- _Exercise details_: Write out the records below exactly as they appear, skipping each picture.

[Stored data entries]
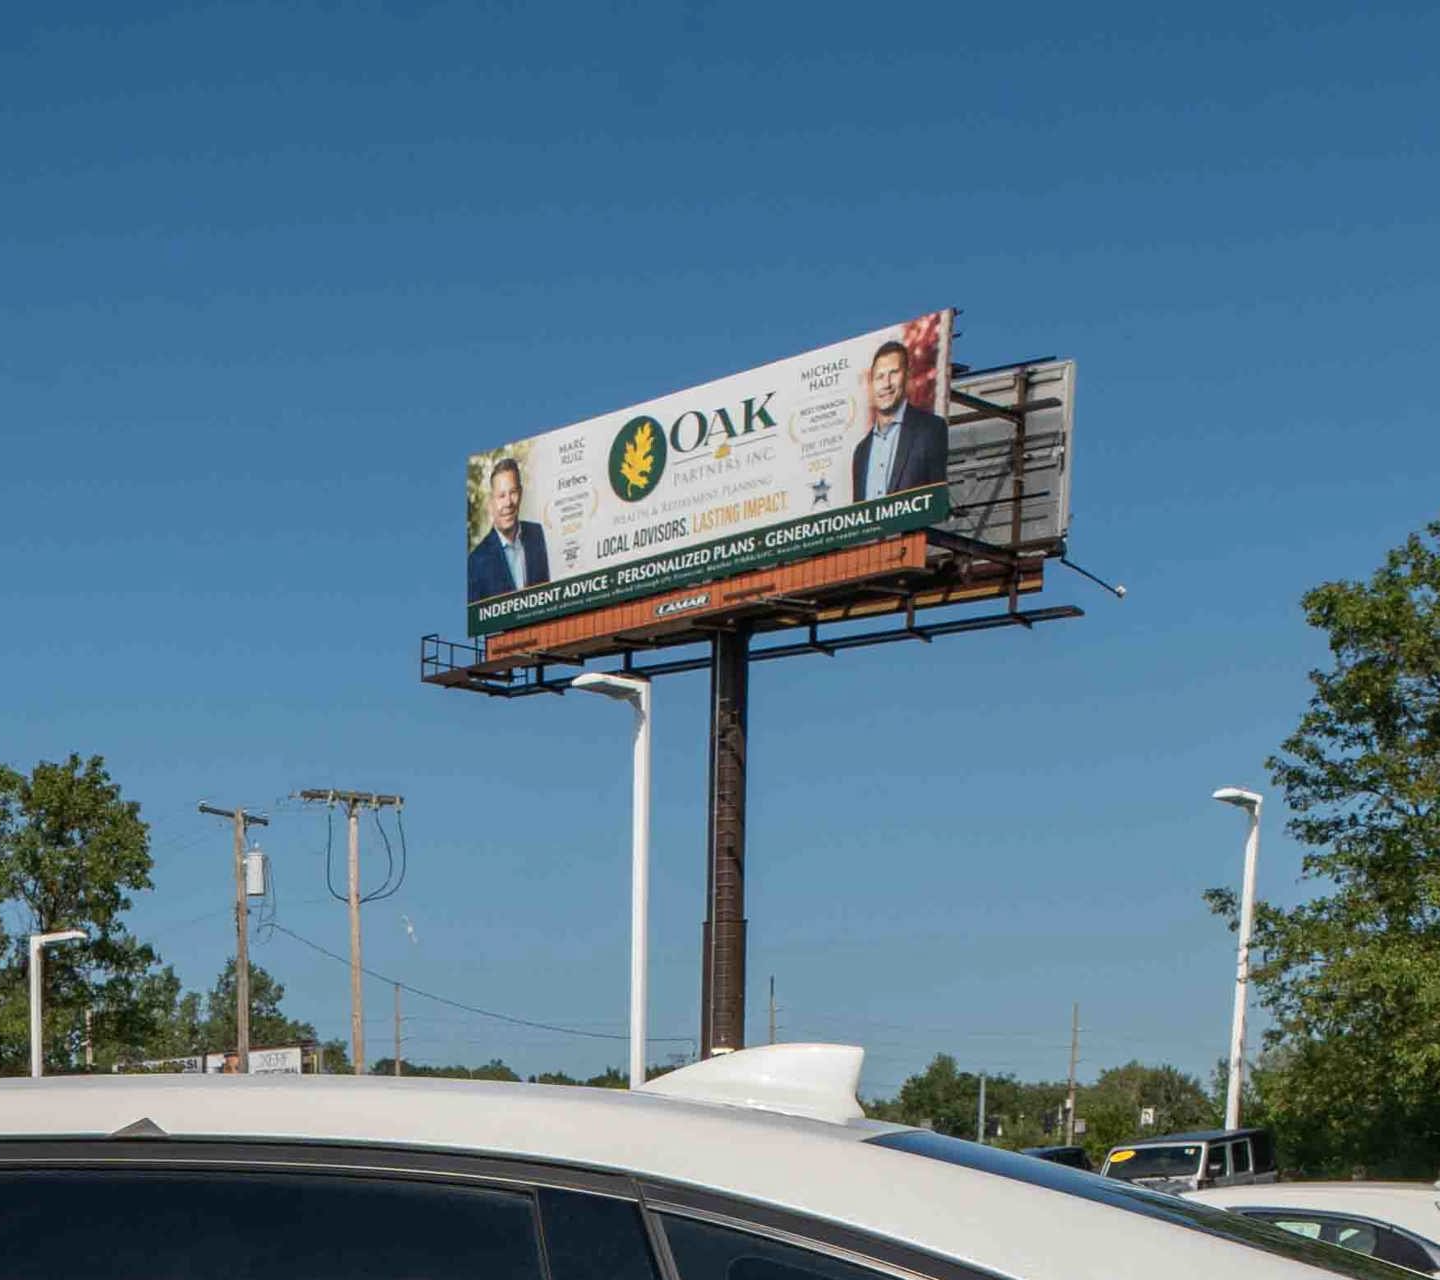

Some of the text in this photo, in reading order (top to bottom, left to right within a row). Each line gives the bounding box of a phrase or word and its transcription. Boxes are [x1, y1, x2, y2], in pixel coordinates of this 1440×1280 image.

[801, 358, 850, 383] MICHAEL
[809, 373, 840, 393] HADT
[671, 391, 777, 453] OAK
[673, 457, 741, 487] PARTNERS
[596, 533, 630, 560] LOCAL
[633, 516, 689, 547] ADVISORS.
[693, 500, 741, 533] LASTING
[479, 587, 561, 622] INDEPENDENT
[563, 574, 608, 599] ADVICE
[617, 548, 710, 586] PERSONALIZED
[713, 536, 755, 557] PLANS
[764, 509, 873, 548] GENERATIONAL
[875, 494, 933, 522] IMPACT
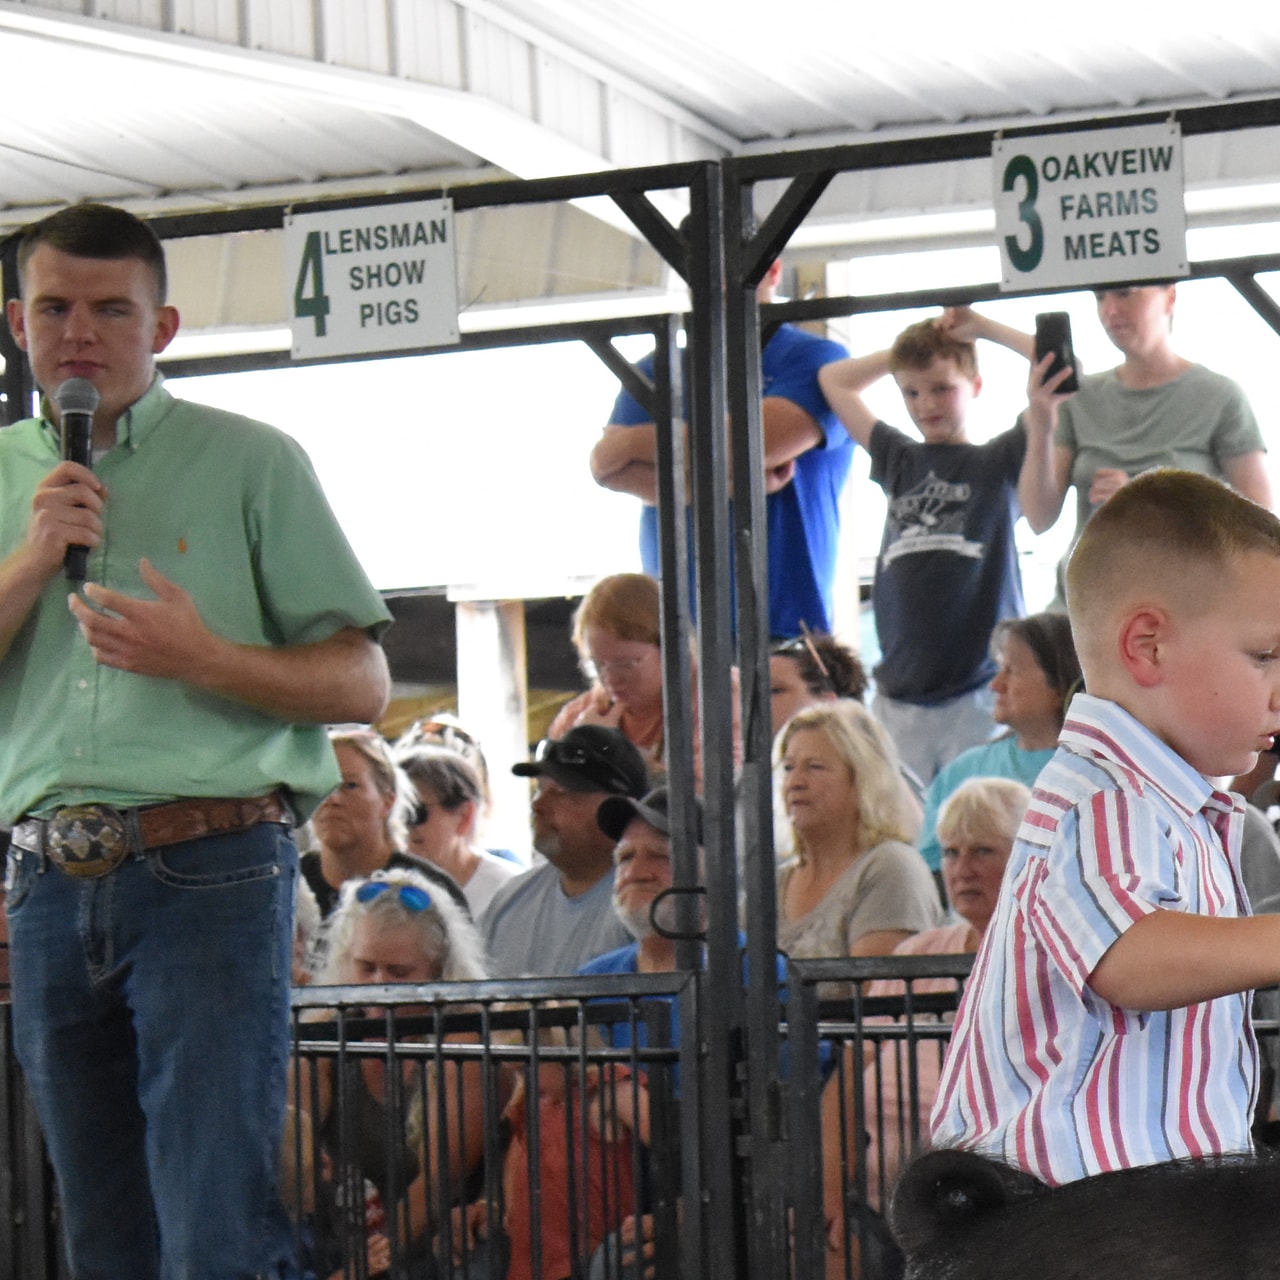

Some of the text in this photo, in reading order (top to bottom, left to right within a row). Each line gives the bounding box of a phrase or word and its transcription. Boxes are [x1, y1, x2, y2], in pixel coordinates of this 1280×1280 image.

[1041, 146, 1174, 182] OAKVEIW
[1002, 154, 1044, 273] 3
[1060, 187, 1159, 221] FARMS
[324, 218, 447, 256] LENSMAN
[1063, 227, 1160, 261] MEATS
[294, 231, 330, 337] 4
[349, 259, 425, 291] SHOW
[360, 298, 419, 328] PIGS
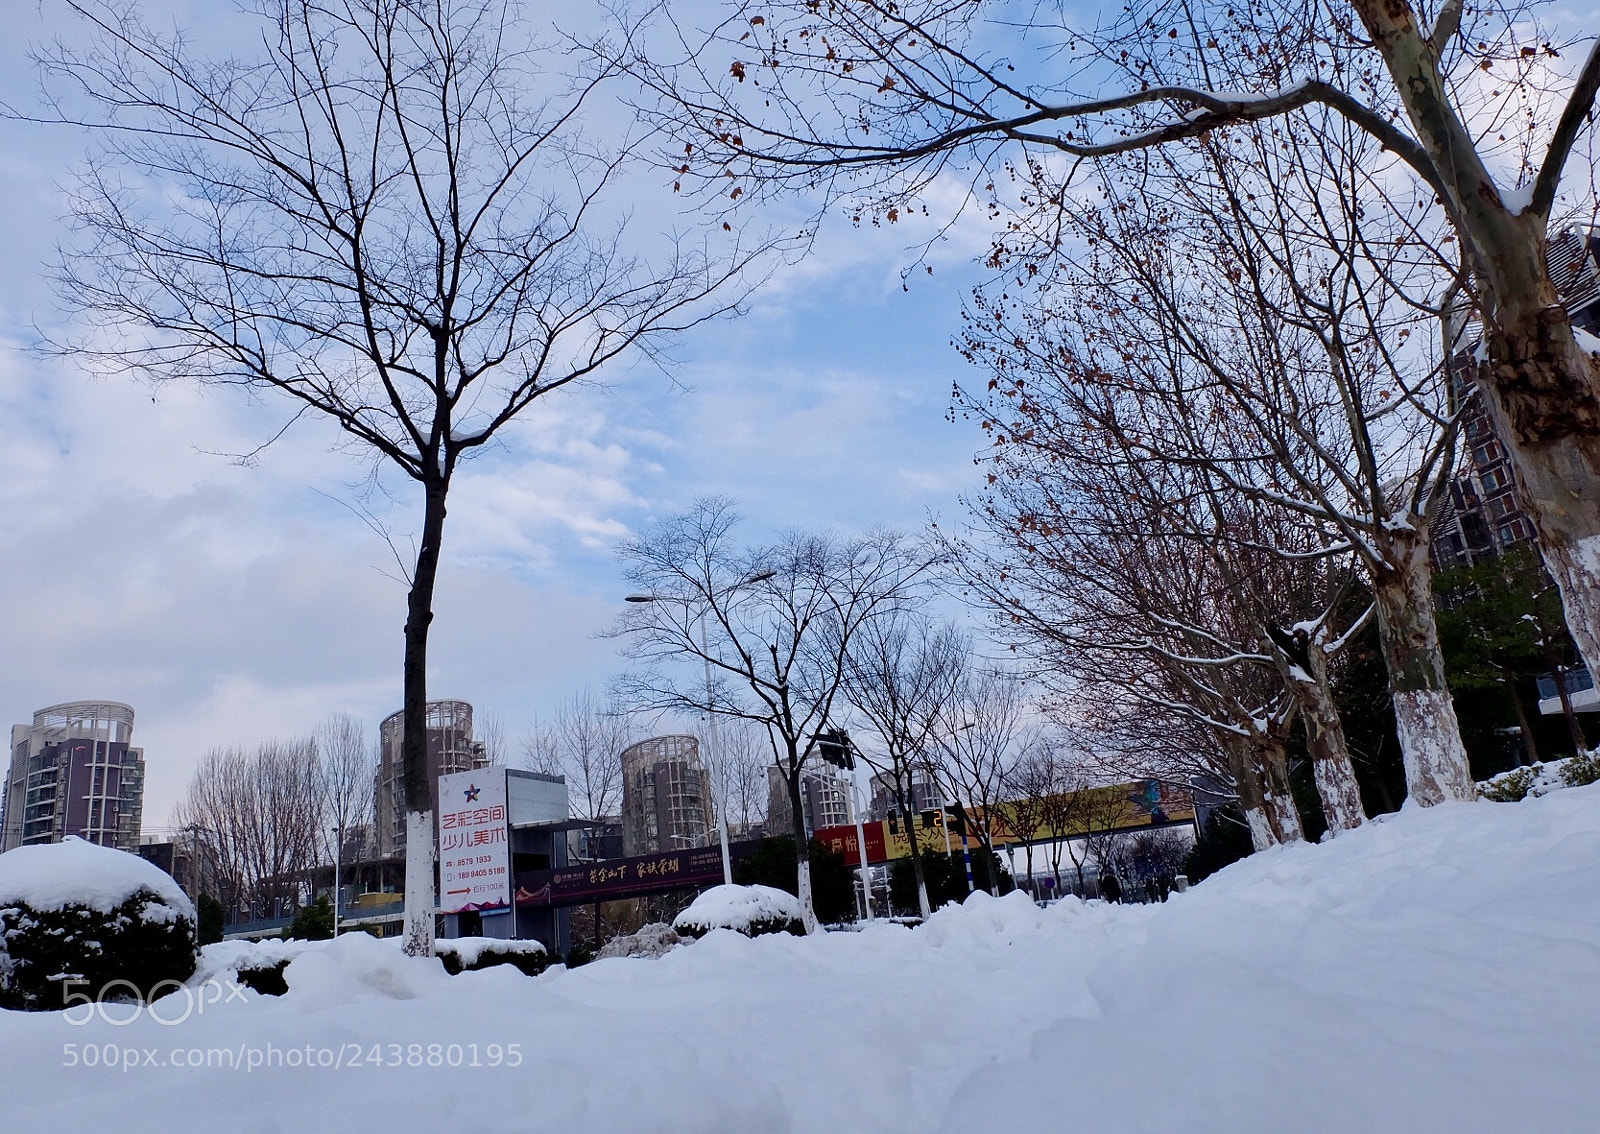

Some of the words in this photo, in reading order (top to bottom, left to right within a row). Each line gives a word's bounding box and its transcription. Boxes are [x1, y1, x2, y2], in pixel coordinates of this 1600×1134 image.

- _Finished task_:
Some of the text in this photo, in reading order (top to bottom, left to right within a row). Each line gives the bounding box of a phrase or word and its transcription. Boxes are [x1, y1, x2, y2], in pixel coordinates of this 1440×1280 image.

[801, 358, 850, 383] MICHAEL
[809, 373, 840, 393] HADT
[671, 391, 777, 453] OAK
[673, 457, 741, 487] PARTNERS
[596, 533, 630, 560] LOCAL
[633, 516, 689, 547] ADVISORS.
[693, 500, 741, 533] LASTING
[479, 587, 561, 622] INDEPENDENT
[563, 574, 608, 599] ADVICE
[617, 548, 710, 586] PERSONALIZED
[713, 536, 755, 557] PLANS
[764, 509, 873, 548] GENERATIONAL
[875, 494, 933, 522] IMPACT

Some of the text in this photo, in reading order (top to bottom, left to right within a row). Each line gives the bounding box of a phrase or word and its transcription. Boxes are [x1, y1, x2, y2], in pixel coordinates of this 1280×1280 image.

[1041, 146, 1174, 182] OAKVEIW
[1002, 154, 1044, 273] 3
[1060, 187, 1159, 221] FARMS
[324, 218, 447, 256] LENSMAN
[1063, 227, 1160, 261] MEATS
[294, 231, 330, 337] 4
[349, 259, 425, 291] SHOW
[360, 298, 419, 328] PIGS

Some of the words in this photo, in reading order (top to bottom, left to right within a row). Each line gives a word's bounding box and its transcription. Boxes are [x1, y1, x2, y2], in pixel coordinates of this 1600×1134 image.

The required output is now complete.